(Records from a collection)
——
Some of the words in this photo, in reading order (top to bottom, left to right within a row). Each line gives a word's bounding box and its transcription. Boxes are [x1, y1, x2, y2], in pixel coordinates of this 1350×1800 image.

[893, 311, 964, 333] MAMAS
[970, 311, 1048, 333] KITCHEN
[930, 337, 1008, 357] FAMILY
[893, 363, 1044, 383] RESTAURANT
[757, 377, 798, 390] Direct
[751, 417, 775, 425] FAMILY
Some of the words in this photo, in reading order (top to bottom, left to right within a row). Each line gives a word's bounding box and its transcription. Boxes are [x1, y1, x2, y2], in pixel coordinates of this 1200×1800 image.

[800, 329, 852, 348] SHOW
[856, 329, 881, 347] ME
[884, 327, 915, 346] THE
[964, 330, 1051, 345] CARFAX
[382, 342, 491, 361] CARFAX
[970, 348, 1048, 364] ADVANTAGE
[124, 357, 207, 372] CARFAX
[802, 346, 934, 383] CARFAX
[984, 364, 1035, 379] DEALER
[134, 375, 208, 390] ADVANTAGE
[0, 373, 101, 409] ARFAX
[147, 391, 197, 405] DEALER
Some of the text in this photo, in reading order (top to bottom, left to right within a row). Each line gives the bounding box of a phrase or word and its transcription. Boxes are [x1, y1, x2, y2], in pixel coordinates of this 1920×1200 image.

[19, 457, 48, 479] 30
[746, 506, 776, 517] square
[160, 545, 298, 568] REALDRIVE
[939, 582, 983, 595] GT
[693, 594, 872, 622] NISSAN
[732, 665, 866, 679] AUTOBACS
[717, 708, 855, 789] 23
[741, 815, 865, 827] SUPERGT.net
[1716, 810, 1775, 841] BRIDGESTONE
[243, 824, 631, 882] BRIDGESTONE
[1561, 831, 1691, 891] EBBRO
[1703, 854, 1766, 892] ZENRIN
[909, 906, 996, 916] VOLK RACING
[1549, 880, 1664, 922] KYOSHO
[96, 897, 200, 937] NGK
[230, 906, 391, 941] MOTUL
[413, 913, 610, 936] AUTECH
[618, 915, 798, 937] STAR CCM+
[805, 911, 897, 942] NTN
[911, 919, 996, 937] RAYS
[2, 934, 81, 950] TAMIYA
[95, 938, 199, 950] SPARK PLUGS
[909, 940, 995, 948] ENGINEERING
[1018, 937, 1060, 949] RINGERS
——
**EXERCISE AIM**. Transcribe, word for word, every line from the one containing "Some of the text" through the final line of the entries, and nothing else.

**TASK OUTPUT**.
Some of the text in this photo, in reading order (top to bottom, left to right within a row). Each line gives the bounding box of a phrase or word and its transcription. Boxes are [x1, y1, x2, y2], in pixel coordinates of this 1920×1200 image.

[19, 457, 48, 479] 30
[746, 506, 776, 517] square
[160, 545, 298, 568] REALDRIVE
[939, 582, 983, 595] GT
[693, 594, 872, 622] NISSAN
[732, 665, 866, 679] AUTOBACS
[717, 708, 855, 789] 23
[741, 815, 865, 827] SUPERGT.net
[1716, 810, 1775, 841] BRIDGESTONE
[243, 824, 631, 882] BRIDGESTONE
[1561, 831, 1691, 891] EBBRO
[1703, 854, 1766, 892] ZENRIN
[909, 906, 996, 916] VOLK RACING
[1549, 880, 1664, 922] KYOSHO
[96, 897, 200, 937] NGK
[230, 906, 391, 941] MOTUL
[413, 913, 610, 936] AUTECH
[618, 915, 798, 937] STAR CCM+
[805, 911, 897, 942] NTN
[911, 919, 996, 937] RAYS
[2, 934, 81, 950] TAMIYA
[95, 938, 199, 950] SPARK PLUGS
[909, 940, 995, 948] ENGINEERING
[1018, 937, 1060, 949] RINGERS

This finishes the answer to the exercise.